TASK DIRECTIONS:
All of the records below are to be printed exactly; the pictures are to be left out.

::::

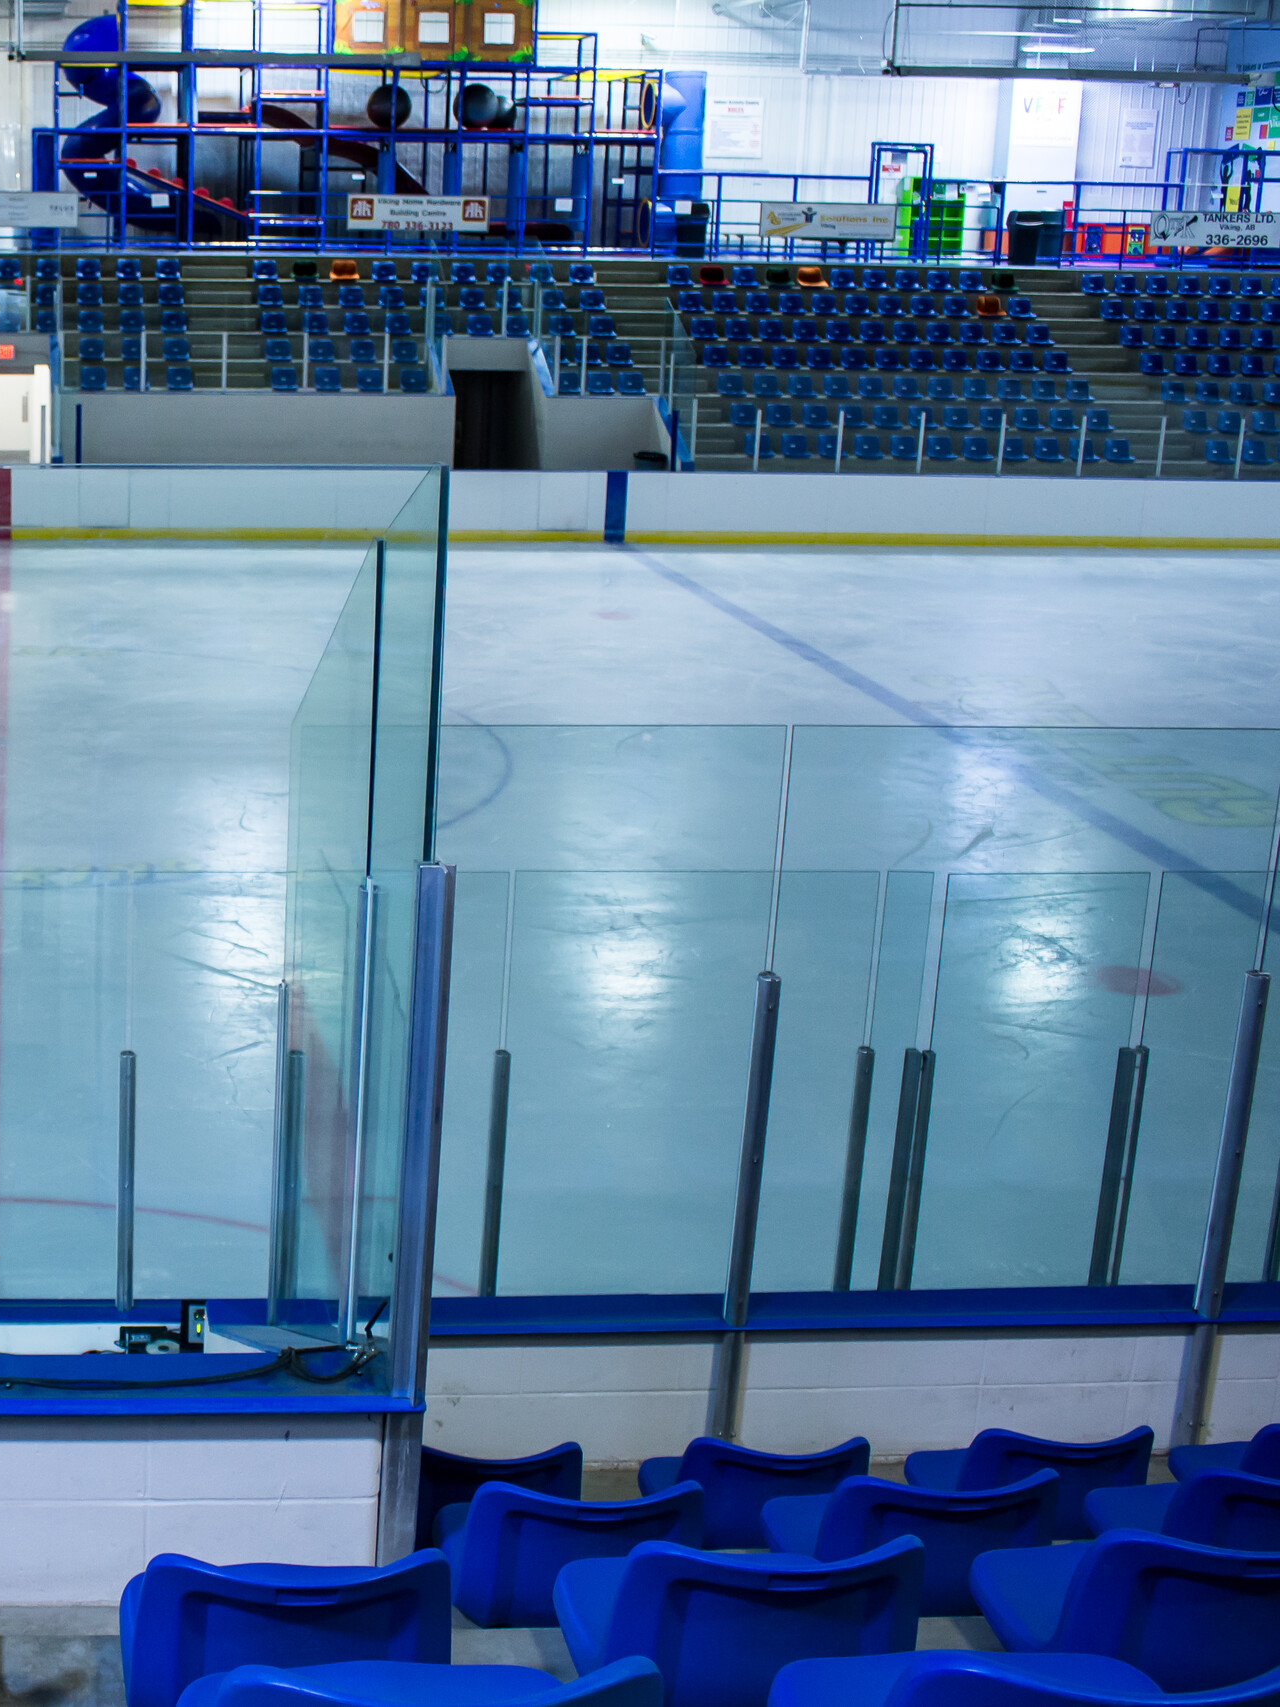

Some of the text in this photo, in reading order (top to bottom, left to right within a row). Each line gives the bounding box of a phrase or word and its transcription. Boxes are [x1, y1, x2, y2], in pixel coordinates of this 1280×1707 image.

[377, 198, 400, 206] Viking
[426, 199, 461, 207] Hardware
[390, 209, 447, 217] Building Centre
[820, 214, 868, 224] Solutions
[1202, 213, 1276, 224] TANKERS LTD.
[381, 220, 454, 231] 780 336-3123
[1205, 234, 1269, 246] 336-2696

::::

WORKED SOLUTION:
Some of the text in this photo, in reading order (top to bottom, left to right within a row). Each line gives the bounding box of a phrase or word and its transcription. Boxes are [x1, y1, x2, y2], in pixel coordinates of this 1280×1707 image.

[377, 198, 400, 206] Viking
[426, 199, 461, 207] Hardware
[390, 209, 447, 217] Building Centre
[820, 214, 868, 224] Solutions
[1202, 213, 1276, 224] TANKERS LTD.
[381, 220, 454, 231] 780 336-3123
[1205, 234, 1269, 246] 336-2696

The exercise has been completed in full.